START Stored data
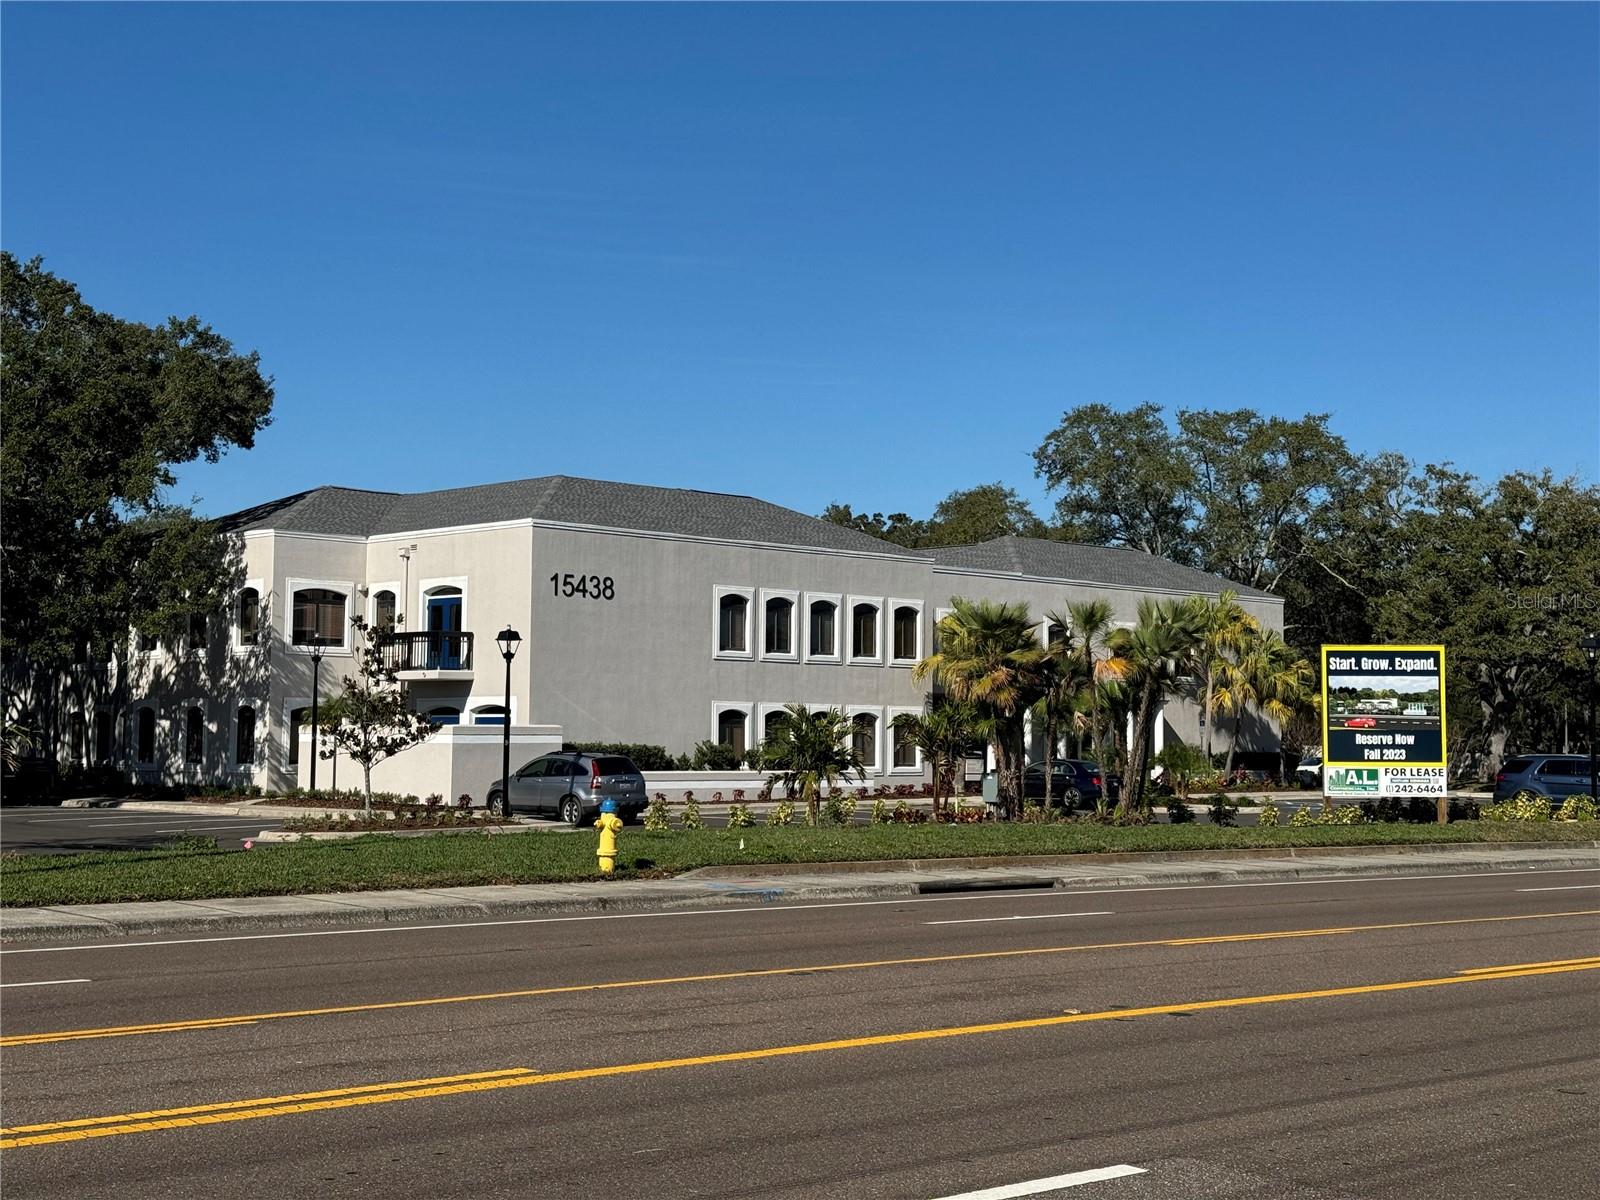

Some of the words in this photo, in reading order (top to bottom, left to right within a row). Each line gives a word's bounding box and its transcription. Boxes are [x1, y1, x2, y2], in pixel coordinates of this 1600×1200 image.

[550, 572, 615, 600] 15438
[1329, 657, 1359, 670] Start.
[1361, 657, 1392, 670] Grow.
[1395, 657, 1437, 672] Expand.
[1355, 733, 1392, 745] Reserve
[1395, 733, 1415, 745] Now
[1364, 749, 1380, 760] Fall
[1383, 749, 1406, 760] 2023
[1345, 770, 1378, 785] A.L.
[1384, 767, 1407, 777] FOR
[1410, 767, 1444, 777] LEASE
[1394, 784, 1443, 793] 242-6464
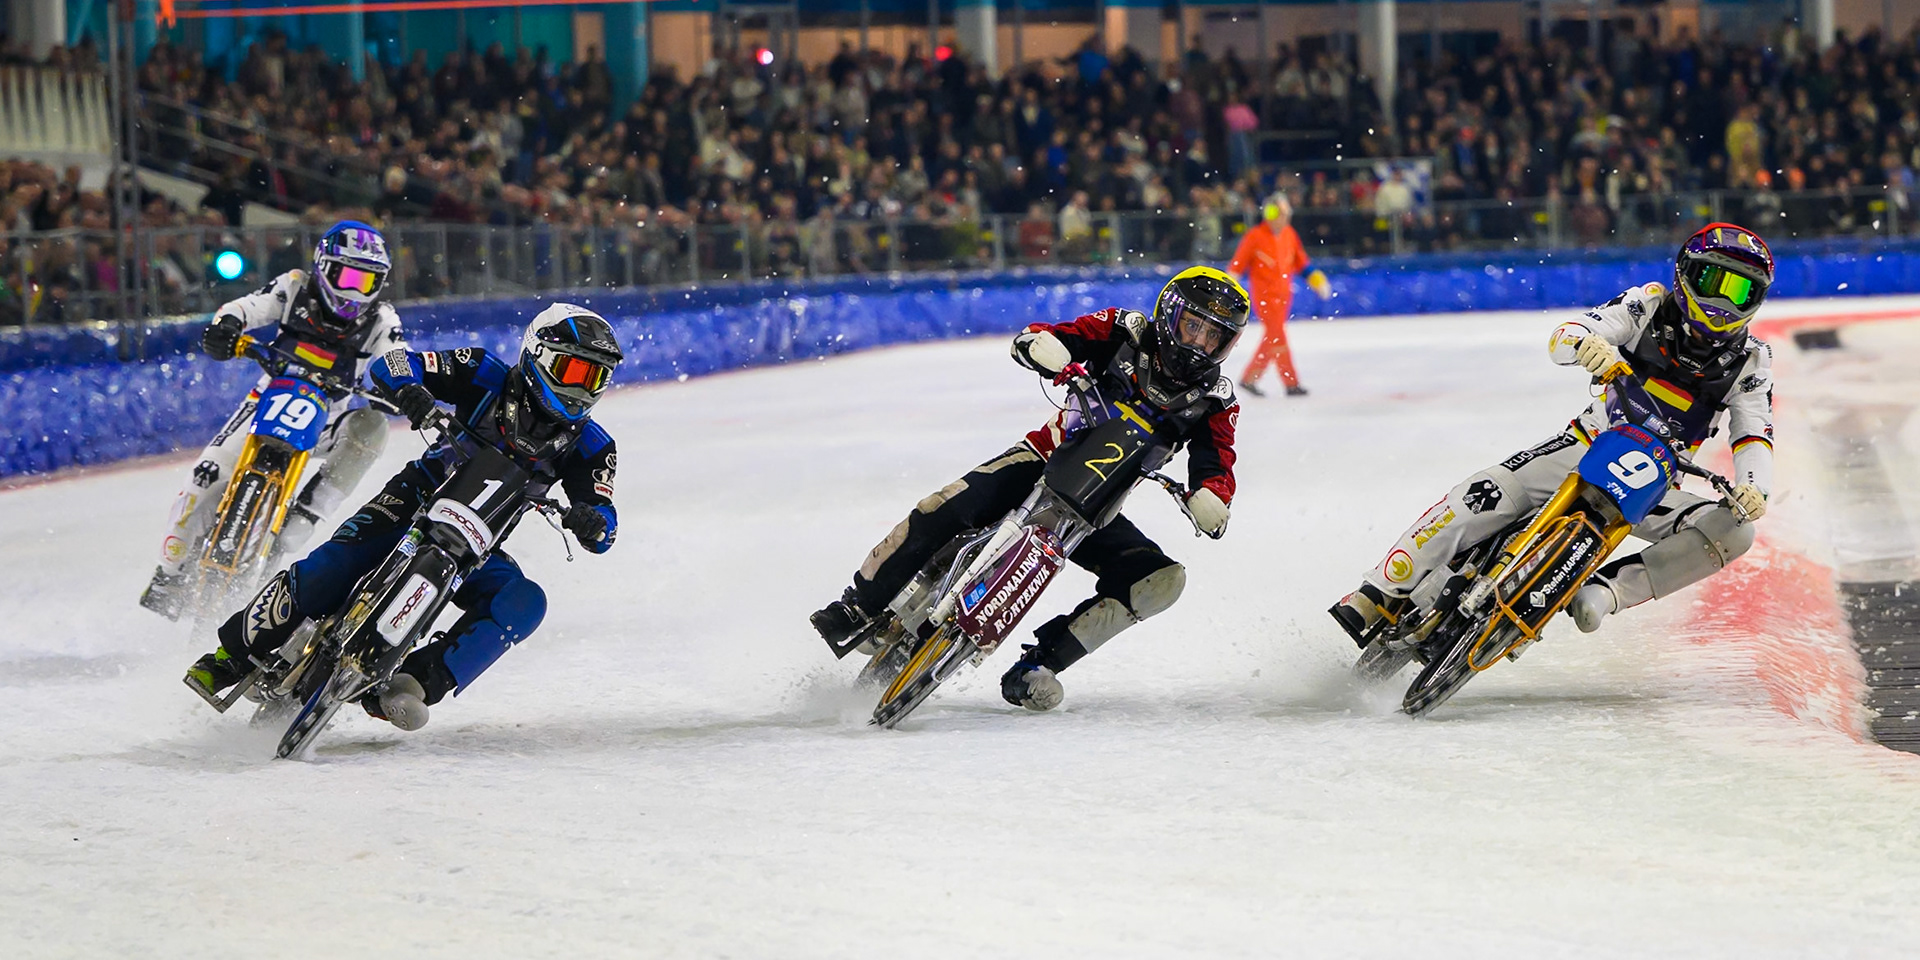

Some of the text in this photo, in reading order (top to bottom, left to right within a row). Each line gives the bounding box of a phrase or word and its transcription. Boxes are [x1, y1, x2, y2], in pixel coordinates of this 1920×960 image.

[263, 393, 317, 430] 19
[1084, 443, 1124, 481] 2
[1607, 451, 1660, 490] 9
[469, 479, 503, 511] 1
[1609, 481, 1628, 500] FIM
[975, 547, 1042, 626] NORDMALINGS
[994, 564, 1050, 634] RÖRTEKNIK
[1543, 571, 1566, 595] Stefan
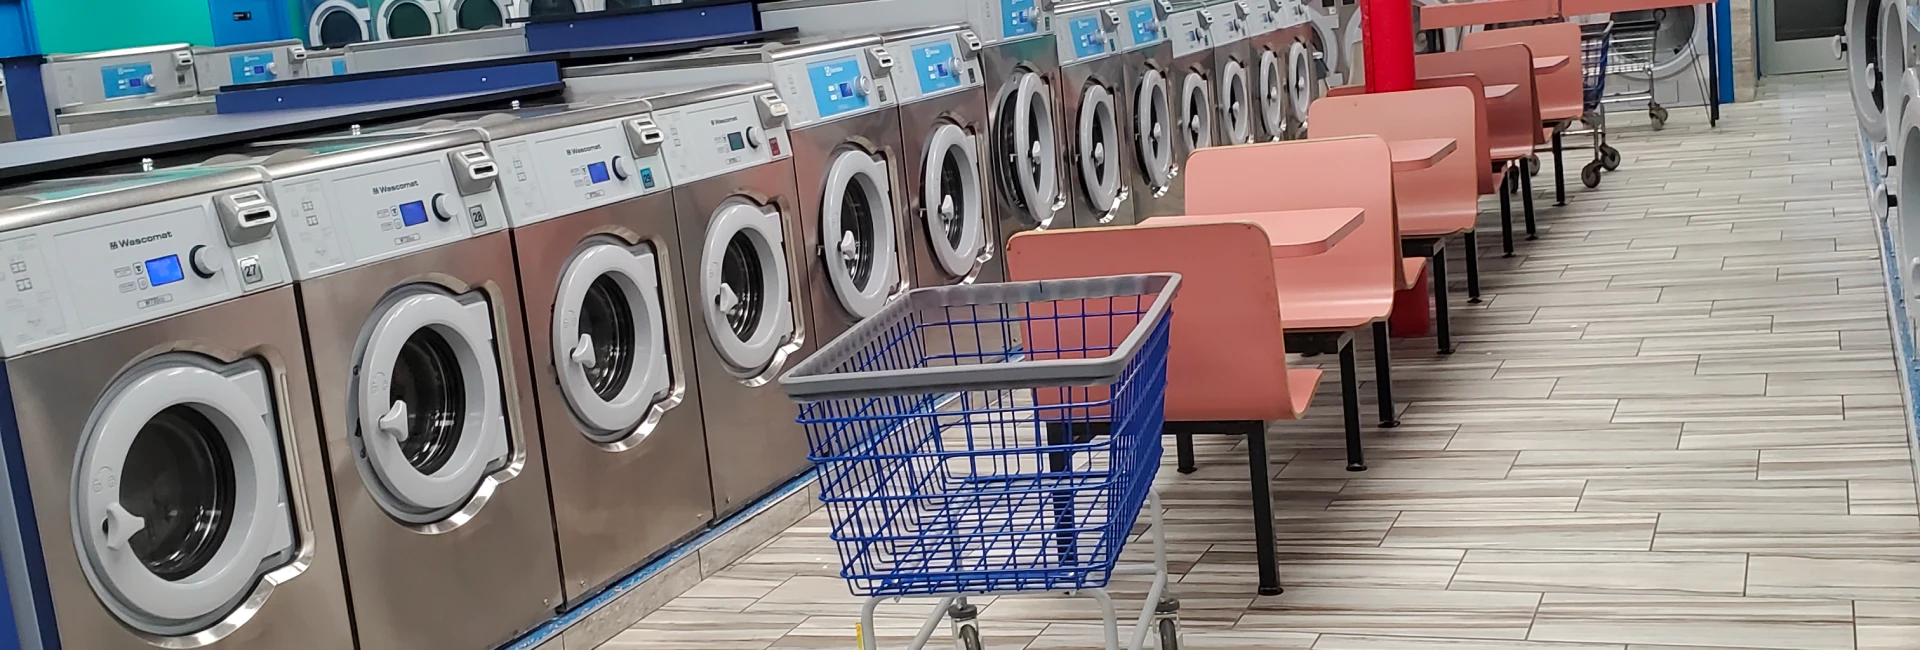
END Stored data
> **Work required**
Omit the pictures, then extract verbatim only those lines that fall between the line containing "Some of the text" and the final line of the records above, both included.

> **Response**
Some of the text in this photo, in reading order (top to bottom, left to right within a row). Each line gives the bounding box of a phrase or word and its transcription. Boxes are [x1, y1, x2, y2], in pixel coordinates of this 1920×960 image.

[263, 393, 317, 430] 19
[1084, 443, 1124, 481] 2
[1607, 451, 1660, 490] 9
[469, 479, 503, 511] 1
[1609, 481, 1628, 500] FIM
[975, 547, 1042, 626] NORDMALINGS
[994, 564, 1050, 634] RÖRTEKNIK
[1543, 571, 1566, 595] Stefan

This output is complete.